[Image-backed grounding data]
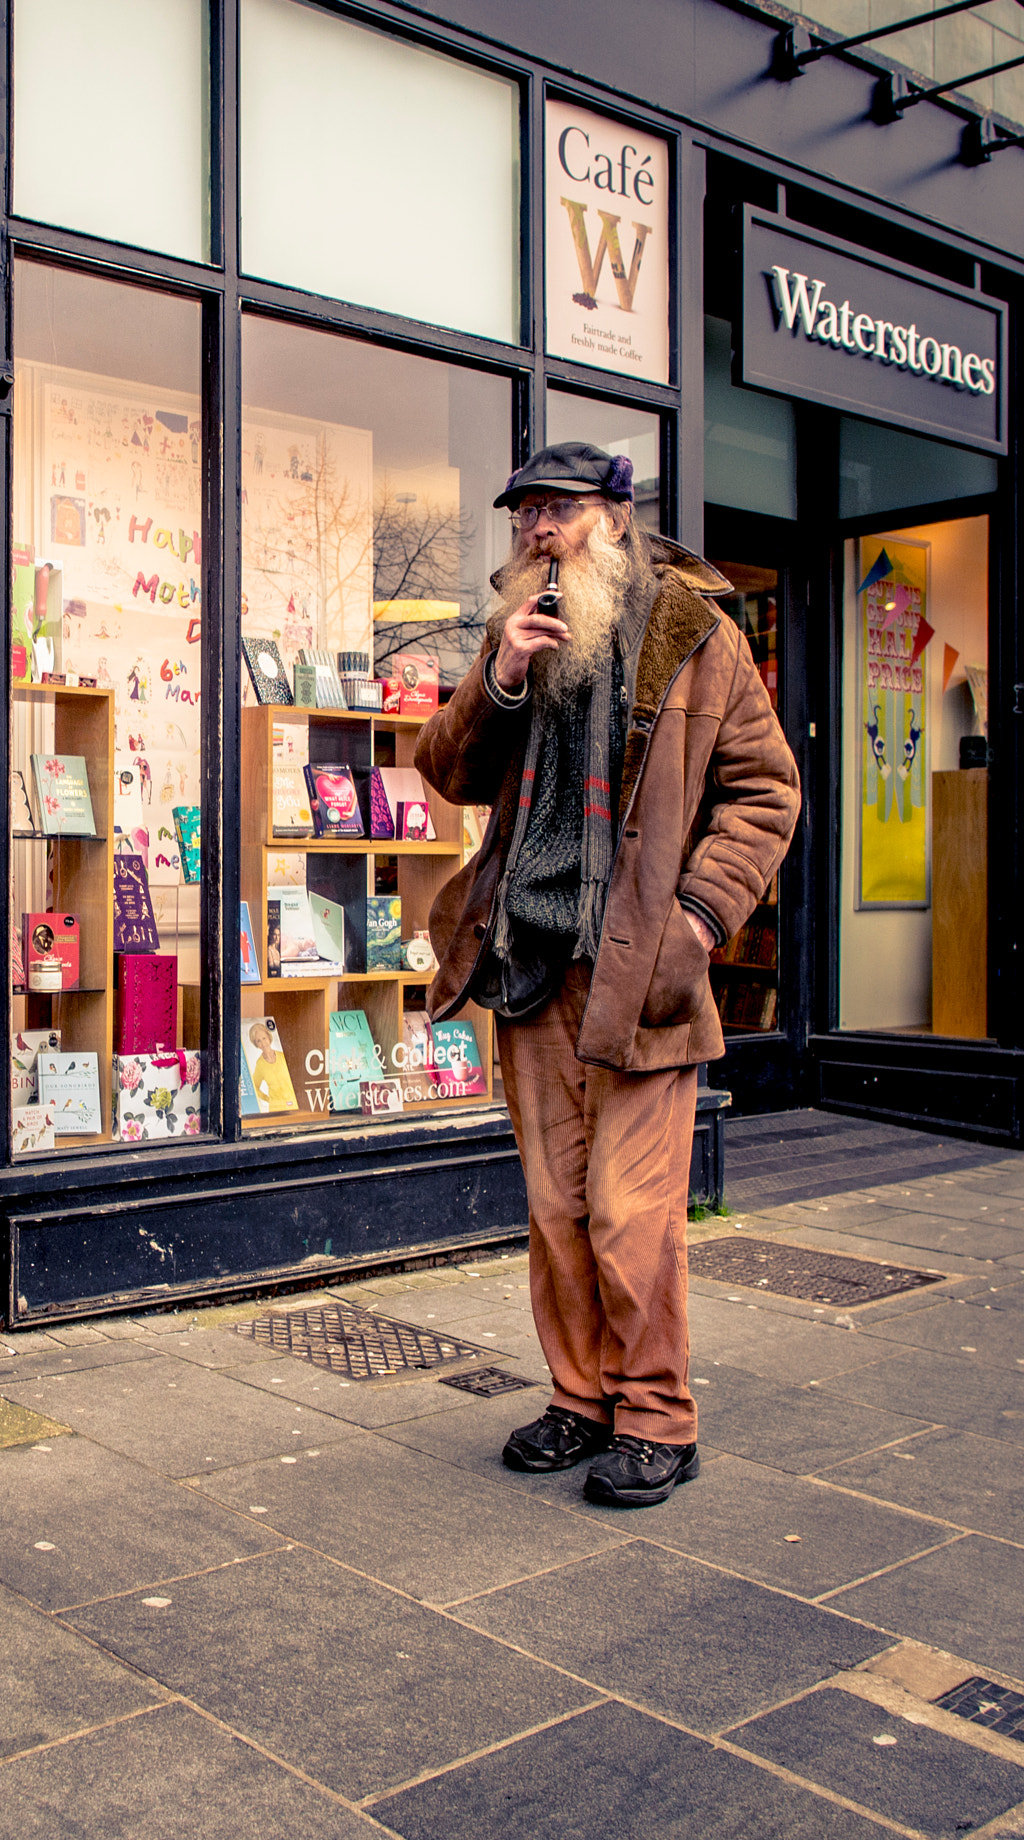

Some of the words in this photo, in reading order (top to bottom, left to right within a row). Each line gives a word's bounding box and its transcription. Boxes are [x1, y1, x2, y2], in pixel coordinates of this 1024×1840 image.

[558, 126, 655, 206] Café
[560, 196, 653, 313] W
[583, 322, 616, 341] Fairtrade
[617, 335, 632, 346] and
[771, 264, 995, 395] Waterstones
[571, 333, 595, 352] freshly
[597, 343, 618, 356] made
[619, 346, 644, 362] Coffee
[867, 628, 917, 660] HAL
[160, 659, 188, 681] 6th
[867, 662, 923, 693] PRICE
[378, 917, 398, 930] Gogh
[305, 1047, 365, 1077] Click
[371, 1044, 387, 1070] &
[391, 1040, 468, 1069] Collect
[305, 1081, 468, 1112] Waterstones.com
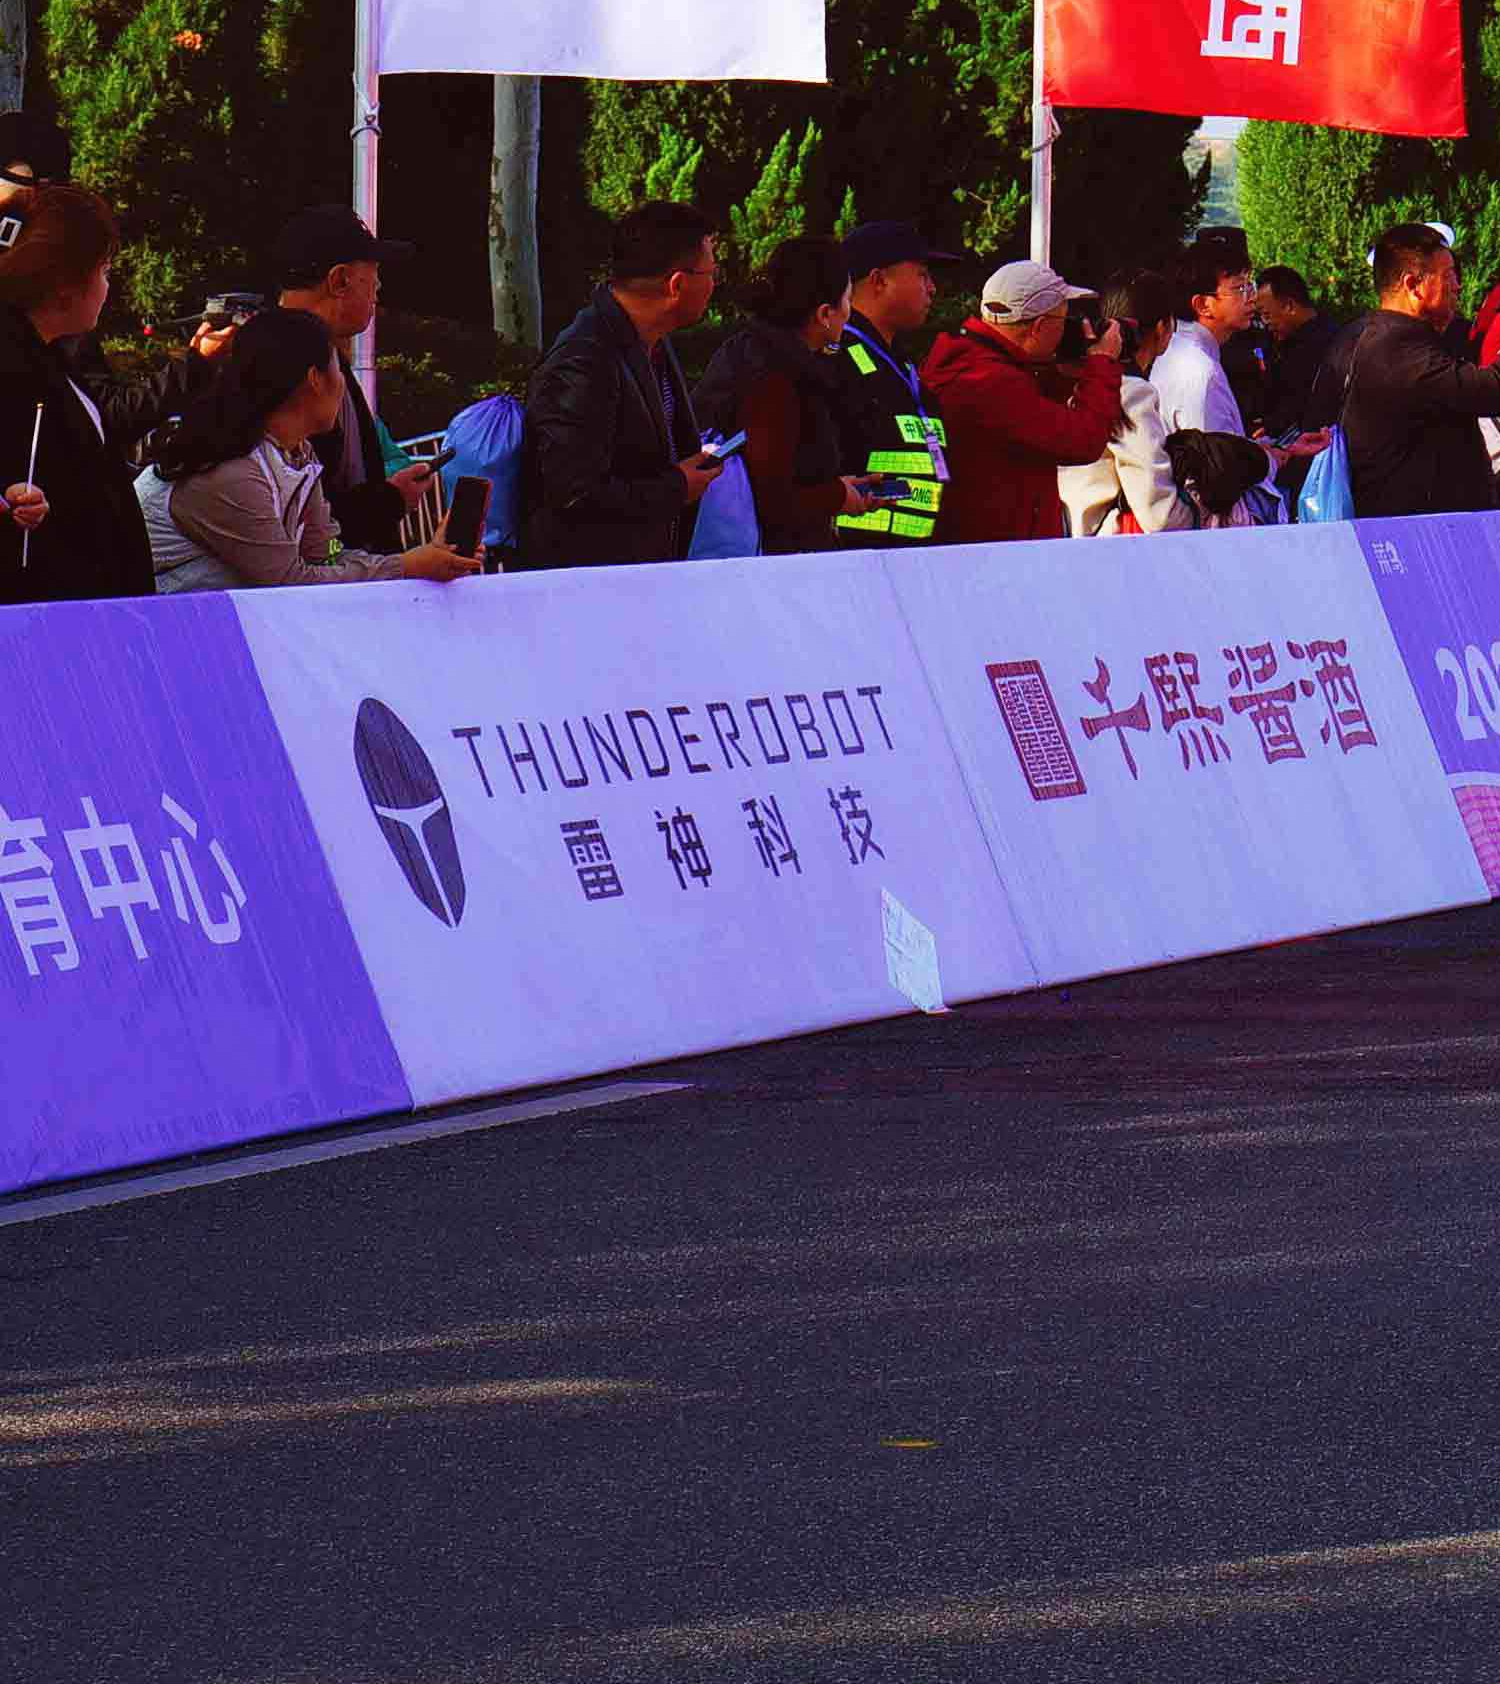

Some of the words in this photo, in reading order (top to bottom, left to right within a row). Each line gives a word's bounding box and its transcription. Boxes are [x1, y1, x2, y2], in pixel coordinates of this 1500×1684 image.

*AIM OF THE EXERCISE*. Please print the entries above exactly. Skip every picture.

*WRITTEN SOLUTION*.
Some of the words in this photo, in reading order (top to bottom, left to right within a row). Each line gives a word's bounding box and its transcription. Boxes are [x1, y1, x2, y2], in pixel coordinates of this 1024×1840 image.

[558, 126, 655, 206] Café
[560, 196, 653, 313] W
[583, 322, 616, 341] Fairtrade
[617, 335, 632, 346] and
[771, 264, 995, 395] Waterstones
[571, 333, 595, 352] freshly
[597, 343, 618, 356] made
[619, 346, 644, 362] Coffee
[867, 628, 917, 660] HAL
[160, 659, 188, 681] 6th
[867, 662, 923, 693] PRICE
[378, 917, 398, 930] Gogh
[305, 1047, 365, 1077] Click
[371, 1044, 387, 1070] &
[391, 1040, 468, 1069] Collect
[305, 1081, 468, 1112] Waterstones.com

Some of the words in this photo, in reading order (top to bottom, left to right within a row). Each line gives a word's bounding box and its transcription. Boxes are [x1, y1, x2, y2], in pixel coordinates of this 1500×1684 image.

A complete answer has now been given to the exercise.